West Seattle wildlife: Cormorant in trouble? Keep an eye out

Earlier today, David Hutchinson sent us that image of a cormorant that he said was behaving somewhat unusually – just sitting on a seawall, rather than in the water or on a piling. No indication of trouble, and it soon flew away, David says, but later in the day, as a Seal Sitters volunteer, he got word of a phone call that makes publishing the photo a more-urgent matter:

This afternoon, Seal Sitters received a call on our hotline, reporting a “non-native” cormorant on the beach near 53rd & Alki Ave. The reporting party said that the cormorant had trouble walking, appeared unable to fly, and had what could be a fishing lure in its mouth. Seal Sitters followed up, but was unable to locate the cormorant. If you spot this bird on a West Seattle beach, please call Seal Sitters hotline (206-905-7325) and we will respond and see if we can help.

5 Replies to "West Seattle wildlife: Cormorant in trouble? Keep an eye out"

  • Dennis Cheasebro August 16, 2012 (10:13 pm)

    This is a pelagic cormorant (thin bill with very little taper). I had thought they were found only at the coast and at sea (Sibley says “found exclusively along rocky ocean shores”), but I’ve been seeing them occasionally in Seattle and vicinity for at least three years. I don’t think I’ve ever seen any cormorant onshore, though, only in the air, in the water or on pilings and such. That’s one very bold or very distressed bird.
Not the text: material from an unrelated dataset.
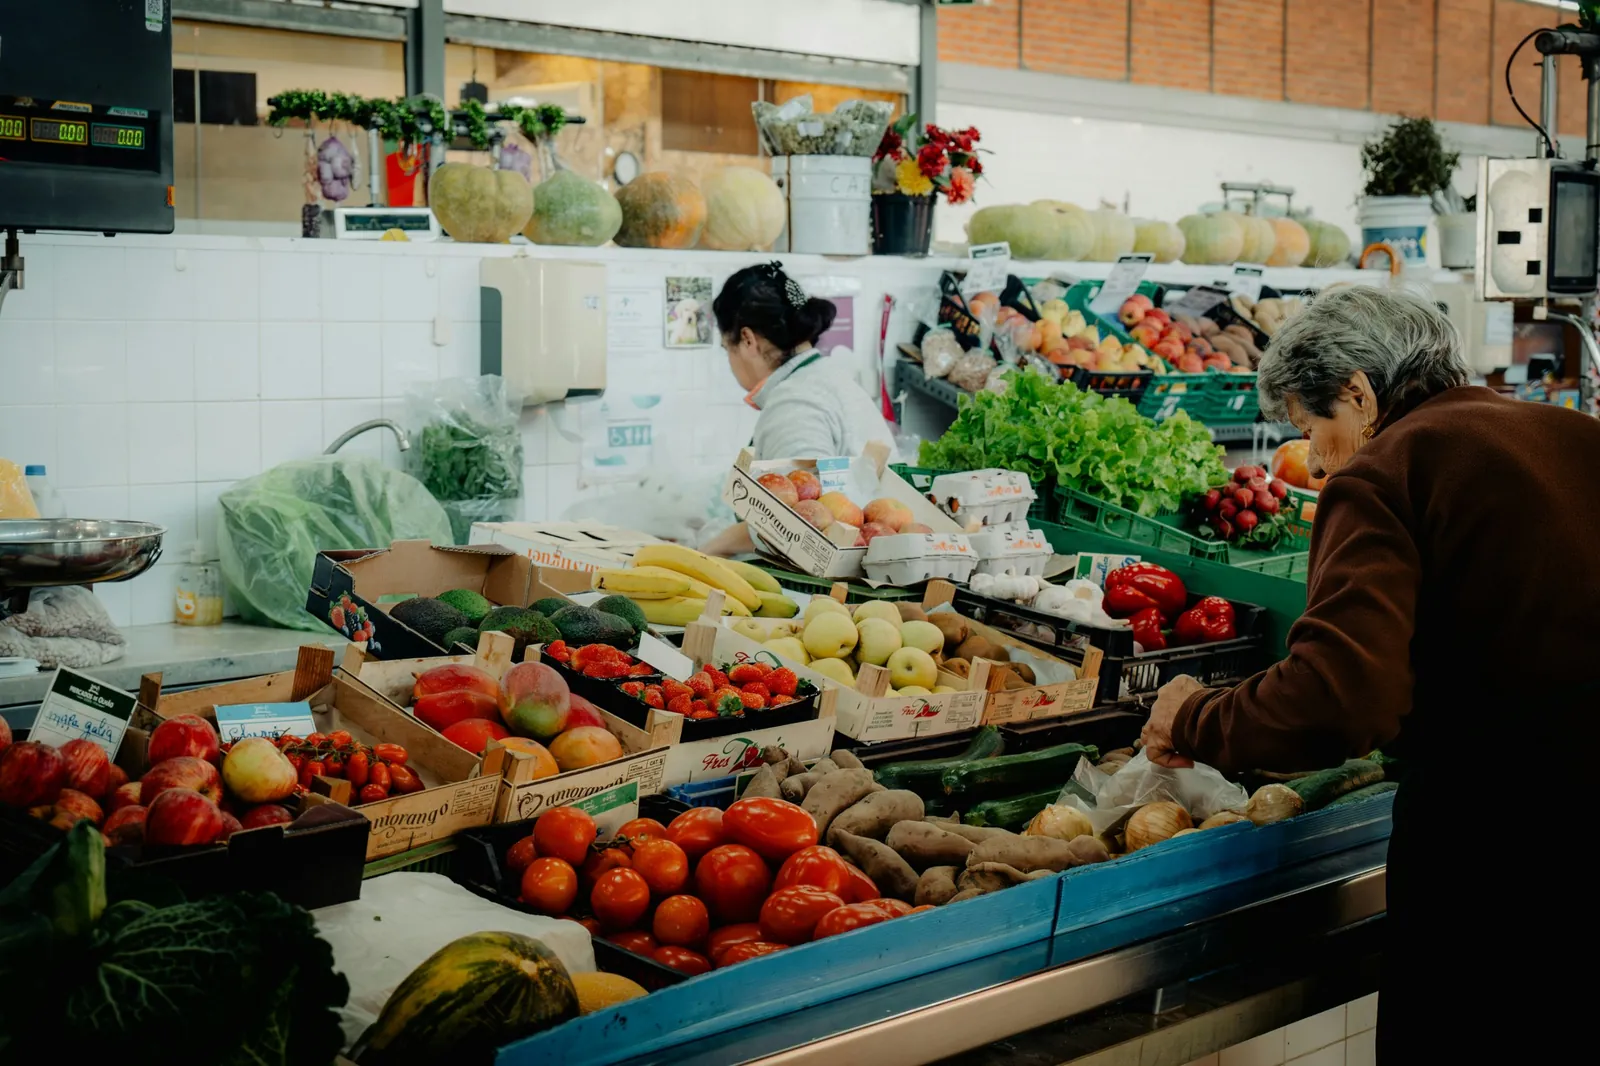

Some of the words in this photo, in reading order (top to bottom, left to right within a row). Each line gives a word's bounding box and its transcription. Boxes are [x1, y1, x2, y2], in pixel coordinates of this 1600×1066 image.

[59, 123, 85, 142] 0.00
[117, 129, 142, 146] 0.00
[702, 753, 731, 772] Fres
[373, 802, 448, 831] morango
  • Mike August 16, 2012 (10:39 pm)

    well, Kitsap is pretty dang close and here’s a pic of a ton of them sitting on a dock in Kitsap next to a couple of Ballard Mallards. http://en.wikipedia.org/wiki/File:Pelagic_cormorants.jpg
    “On land, Pelagic Cormorants are rather clumsy and walk with the high-stepped waddling gait typical for all Sulae except darters; after landing they often scratch the ground, as is typical for cormorants.”
    Might explain the funky walk.

  • nature observer August 17, 2012 (9:47 am)
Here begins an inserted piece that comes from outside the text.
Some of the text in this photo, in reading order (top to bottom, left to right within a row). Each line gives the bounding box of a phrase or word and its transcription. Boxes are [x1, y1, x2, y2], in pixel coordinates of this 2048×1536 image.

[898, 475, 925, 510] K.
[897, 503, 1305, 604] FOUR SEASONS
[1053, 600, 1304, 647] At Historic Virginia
    The photos of pelagic cormorants in Kitsap County is a very poor one, with all but one bird facing away from the camera. My guess would be that the reason the photographer took this picture in the first place was due to the rarity of seeing pelagic cormorants in this area. I have lived at Alki for 19 years and have not seen one here before, and this is only the second time I’ve seen a cormorant standing on solid ground away from the water. This is just not their m.o. The other one, years ago, was one of our usual Double-creested Cormorants, and he made it all the way up to the sidewalk near the bathouse. P.S. I made the report, and did not say that the bird had trouble walking. I said only that it is very unusual and probably not a good sign to see a cormorant on dry land just a few feet from people. In fact, I saw parents sit idly by while their small children threw sticks and sand at the bird. Before it came ashore, the bird had been swimming very weakly along the shore, just a few feet out.
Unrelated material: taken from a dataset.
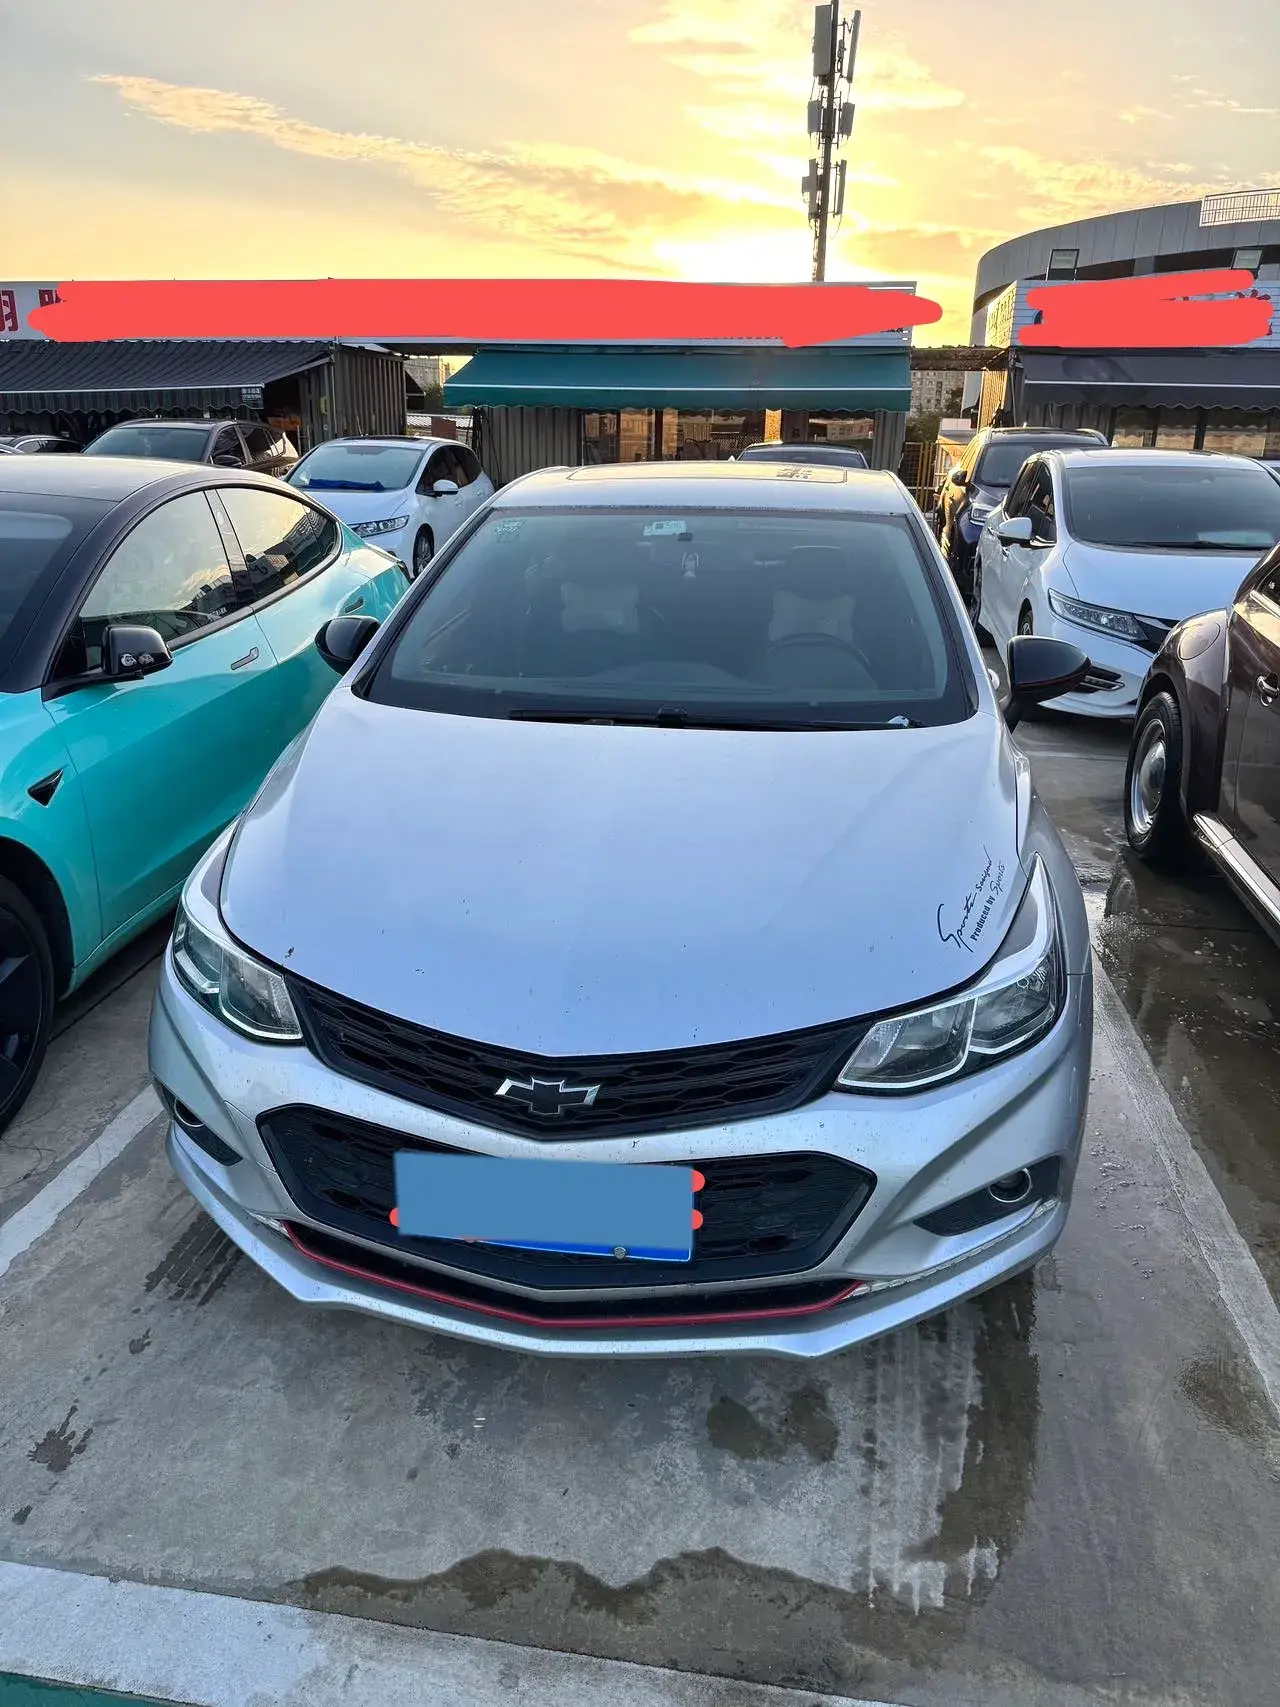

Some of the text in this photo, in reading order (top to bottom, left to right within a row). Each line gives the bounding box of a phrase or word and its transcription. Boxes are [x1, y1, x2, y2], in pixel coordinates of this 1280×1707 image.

  • nature observer August 17, 2012 (10:04 am)

    I would like to make a second comment as well. Last weekend, for the first time, I heard the police using their loudspeakers to tell people to keep their dogs off the beach. I applaud this. Two weeks ago, for the first time, I saw a small family of whimbrels at the tideline on Alki Beeach. I believe this to be quite a rare sighting. Another thing some may know is that we have a resident flock of Sanderlings at Alki Beach. They are a tiny sandpiper, somewhat rare and most engaging. They have just returned from their annual breeding odyssey, which takes them far up into the Arctic Circle. I see people running their dogs on Alki in the early morning and in the dark of night, probably thinking that they aren’t bothering anybody because no humans are at the beach at those times. These are very important times for our Alki Sanderlings, who sleep together in a tight little group of about 60 birds near the tideline at night, with little sentries guarding their perimeter. I love dogs, simply adore them, and I know they adore the beach, but they do not belong there. Our resident sanderlings are special little guys. They are not common and oh-so-cute! Here’s a link:

  • AE August 17, 2012 (11:50 am)

    Pelagics are very common around here. Not so common BREEDING, but plenty are around and easy to see. And they never look graceful on land :).
    HORRIBLE about the fishing lure. Just terrible. I had one of “my” research eagles die that way once (seemed to have starved to death) and will never get over it.